Estou profundamente preocupado com a restrição dos direitos e liberdades de navegação na área do Estreito de Ormuz.
Isso impede a entrega de petróleo, gás, fertilizantes e outras commodities críticas.
Desorganiza os mercados de energia, transporte, manufatura e alimentos.
E estrangula a economia global.
Como em todo conflito, toda a humanidade está pagando o preço – ainda que alguns poucos estejam obtendo enormes lucros.
O sofrimento será sentido por muito tempo.
Considerem estes três cenários, com base em previsões de múltiplas fontes:
Primeiro, um cenário em que as restrições são suspensas hoje.
As cadeias de abastecimento levarão meses para se recuperar, prolongando uma menor produção econômica e preços altos.
O crescimento econômico global deste ano ainda cairá – de 3,4 para 3,1 por cento.
A inflação global – que vinha em queda – subirá de 3,8 para 4,4 por cento.
O crescimento do comércio global de mercadorias diminuirá – de 4,7 por cento no ano passado para cerca de 2 por cento – com algumas interrupções relevantes nas cadeias de abastecimento.
E um mundo ainda abalado pelos choques de uma pandemia e da guerra na Ucrânia enfrentará mais dificuldades econômicas.
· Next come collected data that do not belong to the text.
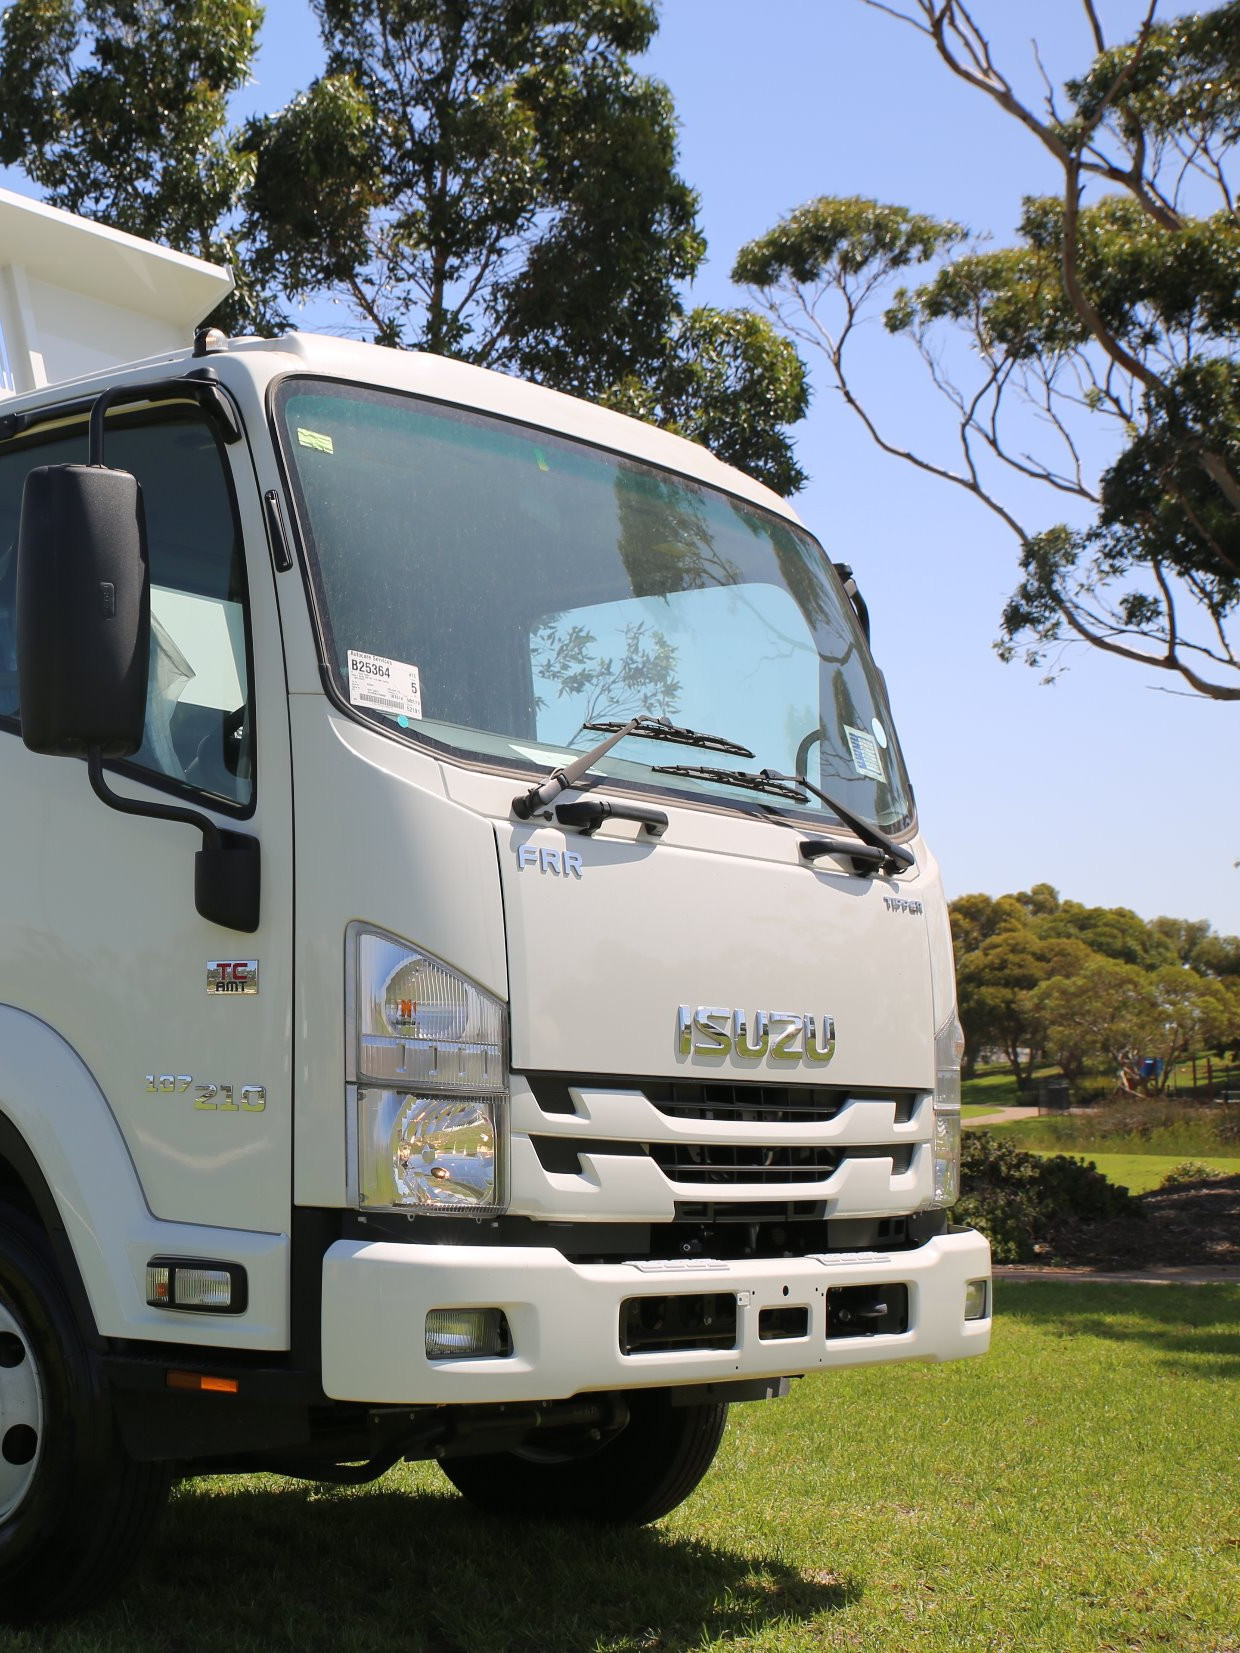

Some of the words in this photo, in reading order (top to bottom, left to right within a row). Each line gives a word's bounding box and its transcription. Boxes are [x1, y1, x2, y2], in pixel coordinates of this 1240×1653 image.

[351, 659, 391, 678] B25364
[411, 682, 418, 694] 5
[517, 844, 584, 880] FRR
[883, 896, 923, 915] TIPPER
[216, 963, 249, 981] TC
[215, 981, 248, 992] AMT
[677, 1004, 836, 1062] ISUZU
[145, 1074, 193, 1093] 107
[193, 1084, 267, 1113] 210
Este é o melhor cenário possível.
Agora considerem um segundo cenário, em que a crise se estende até o meio do ano.
O crescimento cai para 2,5 por cento.
A inflação atinge 5,4 por cento.
32 milhões de pessoas são empurradas para a pobreza.
Os fertilizantes tornam-se escassos, e a produtividade das colheitas diminui.
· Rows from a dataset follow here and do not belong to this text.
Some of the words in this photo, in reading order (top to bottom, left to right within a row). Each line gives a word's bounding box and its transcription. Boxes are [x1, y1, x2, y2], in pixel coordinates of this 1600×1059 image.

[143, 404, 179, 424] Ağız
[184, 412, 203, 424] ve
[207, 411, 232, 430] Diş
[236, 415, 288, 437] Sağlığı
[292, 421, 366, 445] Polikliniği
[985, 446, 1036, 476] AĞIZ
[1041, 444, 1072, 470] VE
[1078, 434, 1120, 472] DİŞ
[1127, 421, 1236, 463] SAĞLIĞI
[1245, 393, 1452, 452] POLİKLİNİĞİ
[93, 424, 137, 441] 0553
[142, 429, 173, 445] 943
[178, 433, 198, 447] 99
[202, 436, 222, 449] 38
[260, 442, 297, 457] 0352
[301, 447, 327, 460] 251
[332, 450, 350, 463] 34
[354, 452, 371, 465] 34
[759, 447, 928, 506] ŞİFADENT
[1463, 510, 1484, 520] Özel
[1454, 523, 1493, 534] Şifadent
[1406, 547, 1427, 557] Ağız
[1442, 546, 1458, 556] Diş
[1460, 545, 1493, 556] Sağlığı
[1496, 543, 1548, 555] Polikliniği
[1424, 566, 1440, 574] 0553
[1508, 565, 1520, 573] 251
45 milhões de pessoas a mais enfrentarão fome extrema.
Ganhos de desenvolvimento conquistados com esforço são revertidos da noite para o dia.
Agora, em um terceiro cenário, com disrupções severas que persistem até o fim do ano.
A inflação dispara para além de 6 por cento.
O crescimento despenca para 2 por cento.
Um sofrimento imenso se instala, especialmente entre as populações mais vulneráveis do mundo.
E enfrentamos o espectro de uma recessão global – com impactos dramáticos sobre as pessoas, a economia e a estabilidade política e social.
Essas consequências não são cumulativas. São exponenciais.
Quanto mais tempo essa artéria vital permanecer bloqueada, mais difícil será reverter os danos.
E maior será o custo para a humanidade.
Os países em desenvolvimento serão os mais afetados, já que dívidas esmagadoras dificultam sua capacidade de resposta.
Com perda de empregos, mais pobreza e mais fome.
A crise já consolidou perdas para os próximos meses.
Cada dia em que os navios não podem se mover eleva esses custos e amplia suas reverberações na economia global.
Minha mensagem a todas as partes é clara:
Os direitos e liberdades de navegação devem ser restabelecidos imediatamente, em conformidade com a resolução 2817 do Conselho de Segurança.
Abram o Estreito.
Deixem todos os navios passar.
Deixem a economia global respirar novamente.
Isso exige mais do que uma reabertura física.
Exige que o transporte marítimo seja seguro, previsível e seguro.
Simultaneamente, suplico todas as partes a se absterem de ações que possam minar o cessar-fogo.
Tenho mantido contato próximo com várias partes, assim como meu Enviado Pessoal Jean Arnault.
Todos os nossos interlocutores – independentemente de suas diferentes perspectivas – reconhecem a necessidade de trabalhar por uma resolução pacífica, abrangente e duradoura do conflito.
Enquanto isso, o Sistema das Nações Unidas está trabalhando para mitigar o impacto da crise atual.
Legenda: O secretário-geral António Guterres (à esquerda) fala com a imprensa sobre a situação no Oriente Médio.
O secretário-geral da Organização Marítima Internacional, Arsenio Dominguez, está desenvolvendo um quadro para evacuar com segurança navios e marítimos da zona de conflito, caso seja seguro fazê-lo.